I said there was more to tell about the younger set....
So we've instituted a new chore system here at the Henhouse.
We've gone through so many evolutions of chore charts, sticker charts, points, and monetary incentives in the past thirteen years that I've been homeschooling. They've all worked great for awhile, and then inevitably, they become cumbersome, or life gets too busy, or the kids realize that it's still the same old chores (and I'm sure this one will be no different). We've also gone through long periods of time in "git 'er done" mode, where we just gave out jobs to be done--or else. That's where we've been since we moved.
But I sensed that it was time to start incentivizing and rewarding the younger three, now that they are all old enough to really be helpful. And I kept thinking about a good system we had used with the older three when they were all in elementary school. In fact, it's something I bought (and you can too, if you wish,
right here).
It's a pegboard with little plastic circles that you hang on the pegs, and it's a great system. I recommend the instructional materials that come with it, as a way to think about building character as well as responsibility. But it can be a little complicated to keep up with the whole system, and in this house, I didn't have a good place to mount the pegboard. (Mine is the jumbo size.)
So I'm just using the plastic circles, and a hanging shoebag. (Not really like the one pictured, but ours has our kids' names all over it, so I didn't want to post a picture of it.) My shoe bag is navy fabric, with mesh for the pockets, and it's much smaller than this--maybe it's for kids' shoes. Or maybe because I got it at the dollar store--Dollar General, perhaps? Anyway, it's longer and narrower, with 4 rows of two pockets, and it fits on a narrow wall by the kitchen pantry that faces the bathroom. Out of sight, basically, but conveniently located for the whole family.
Their chores are written on cards. When they do a chore, they move the card from the To Do pocket, to the Done pocket, and they put a green circle in in the Done pocket. Each morning, they move the cards back to the To Do pocket (but if they forget, it's no big deal, because they remember when they go to put in their green circle after a chore is done). When they get ten green circles in their Done pocket, they get a dollar.
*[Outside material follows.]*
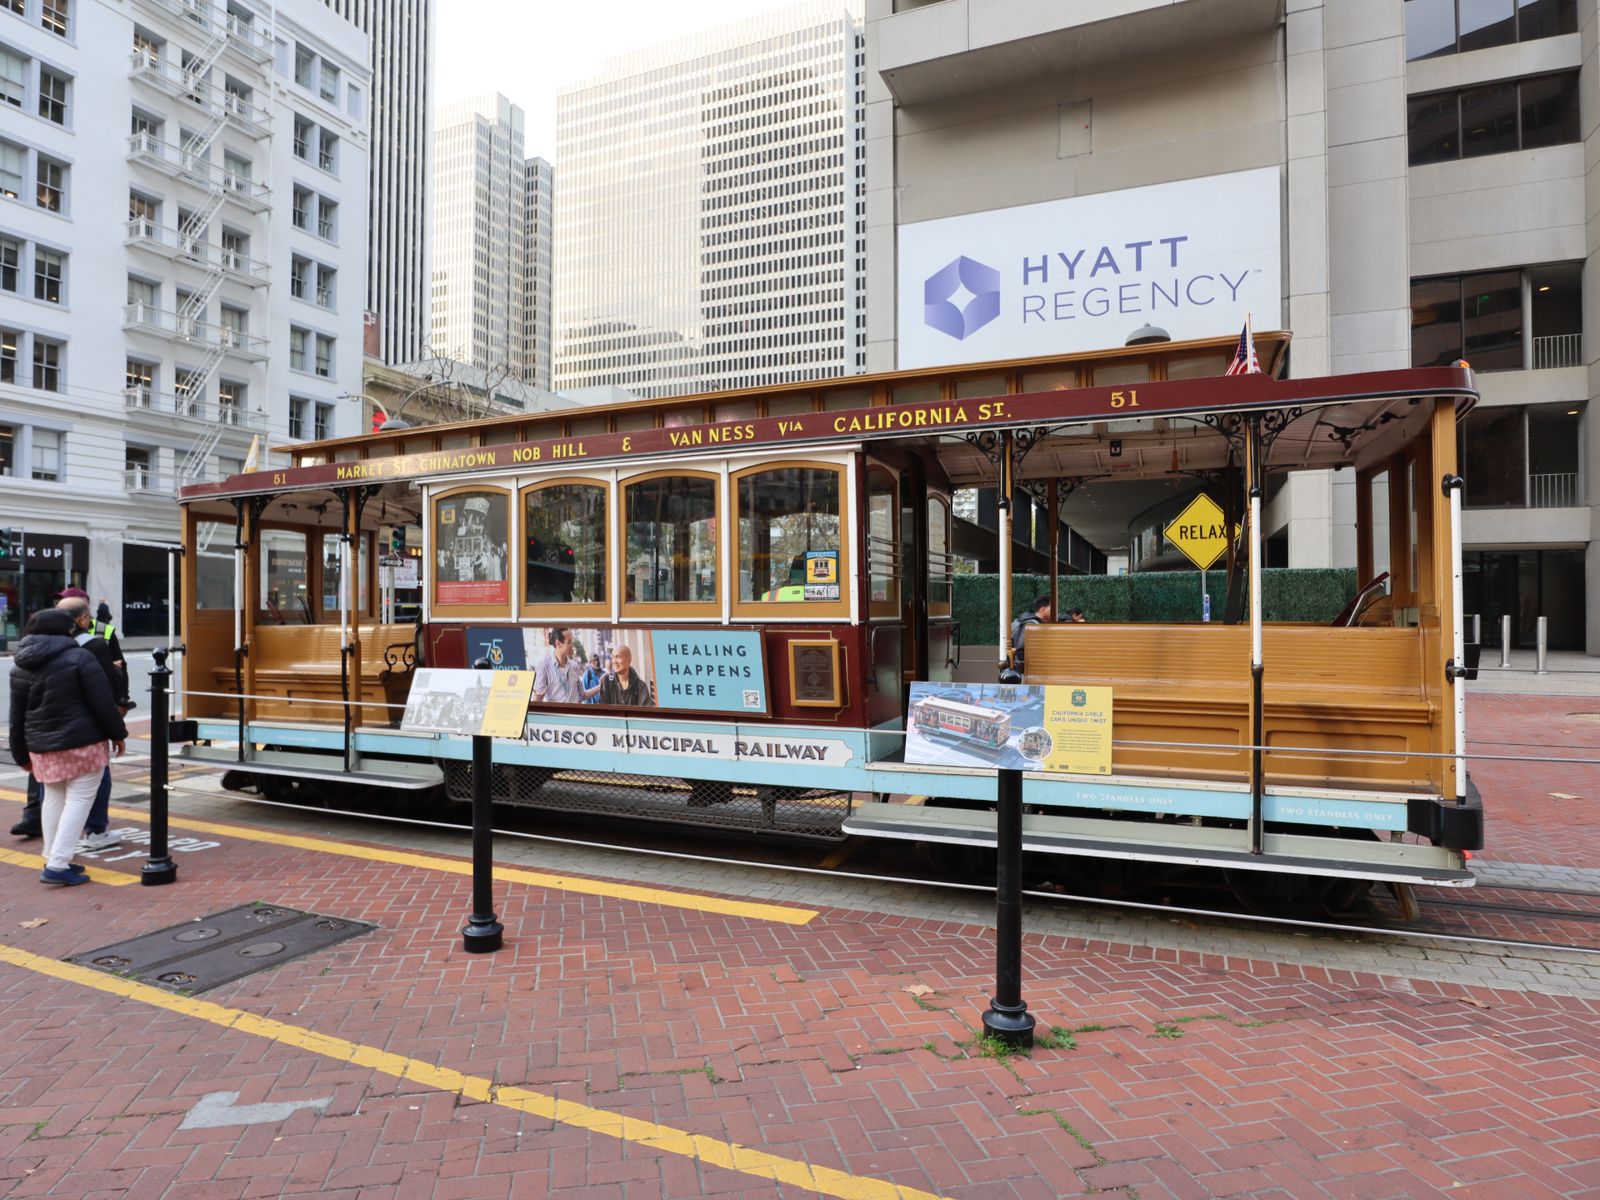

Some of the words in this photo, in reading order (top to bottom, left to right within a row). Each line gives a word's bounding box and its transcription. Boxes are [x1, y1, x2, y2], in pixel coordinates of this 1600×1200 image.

They can earn extra green circles if they do an extra job that Mom thinks of, or if they do someone else's job, so I've found them very willing to pitch in when needed (vs. saying "That's not my job!").
There are bonus green circles they can earn, too, like "Finished my school before lunch." (Sadly, I've paid out only once so far!) They can also lose a green circle for disobedience, complaining, fighting, etc. This has been nice for me to have a non-emotional, objective consequence to give them. And they can earn bonus yellow circles for good choices. These aren't for money, but they praise good choices like, "Obeying quickly," "Didn't argue or complain," "Cheerful heart," "Good listening" and "Great attitude." They have colorful stickers on them and it reminds me to reward the attitude as well as compliance.
It's been working so well that we added the two teens that are still home. We didn't have enough pockets, but with them, their cards are in a pocket, and if they complete the chore, it gets attached to the front of the pocket with a colored paperclip. When all ten of their cards are under the paperclip--with the idea that these are spread over a week, as they have to help with dishes and meals multiple times--they get ten dollars.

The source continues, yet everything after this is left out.